La nuit, porteuse de tant de révélations, avait lâché la bride sur les secrets des cieux. Les plus belles étoiles et les constellations étaient ainsi visible ce soir-ci, ainsi que le croissant de la lune orbitant ce monde. Celui-ci produisait une légère lumière sur les bas-fonds, les éclairant d'un ton bleuté. A cette heure-ci nombreux étaient ceux qui étaient rentré dans leurs foyers. Et pour ceux des bas-fonds qui n'en avaient tout simplement pas, ils étaient partis s'accroupir sous les ponts et sur les dalles.

Parmi les rares éveillés de la populace, erraient encore les gens de la milice, qui n'étaient pour ainsi dire pas tout à fait chez eux ici.

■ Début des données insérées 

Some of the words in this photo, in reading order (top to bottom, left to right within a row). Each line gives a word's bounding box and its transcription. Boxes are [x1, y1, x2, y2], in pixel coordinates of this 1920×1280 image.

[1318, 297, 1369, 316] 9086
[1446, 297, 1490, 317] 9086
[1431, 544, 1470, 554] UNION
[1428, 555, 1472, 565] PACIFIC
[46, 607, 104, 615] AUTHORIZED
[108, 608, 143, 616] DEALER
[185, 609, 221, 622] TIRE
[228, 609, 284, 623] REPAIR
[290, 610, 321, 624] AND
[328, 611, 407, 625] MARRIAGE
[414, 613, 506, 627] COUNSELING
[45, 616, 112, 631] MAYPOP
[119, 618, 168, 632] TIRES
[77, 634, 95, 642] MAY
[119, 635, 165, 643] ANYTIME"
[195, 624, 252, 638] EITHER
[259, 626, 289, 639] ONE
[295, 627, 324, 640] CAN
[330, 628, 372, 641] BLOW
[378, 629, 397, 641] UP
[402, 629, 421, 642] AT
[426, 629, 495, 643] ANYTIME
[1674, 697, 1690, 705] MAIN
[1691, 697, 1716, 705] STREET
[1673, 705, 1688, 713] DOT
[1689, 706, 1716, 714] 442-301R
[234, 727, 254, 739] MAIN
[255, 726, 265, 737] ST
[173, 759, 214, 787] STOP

Quelques poivrots étaient encore ci et là, mais le Trou avait fermé pour la nuité. Mais parmi le bon peuple, errait quelqu'un qui l'avait rejoint et qui durant quelques années en avait fait son repère. Une ancienne mercenaire, exécutant aujourd'hui un nouveau contrat. Un au goût plutôt particulier.

Vêtue d'une cape discrète, elle avait resserré autour des ses seins un bandage et fait passer ses cheveux sous un épais chapeau. Pas de maquillage et sa démache tâchait d'être la moins féminine possible. Fort heureusement, sa voix était tout sauf fluette ,grâce à la courtoisie des émoluments de Dame Fumée et son penchant pour le narguilé. Peut-être était-ce aussi une conséquence d'années de galère et de nuitées perturbées par la nécessité ?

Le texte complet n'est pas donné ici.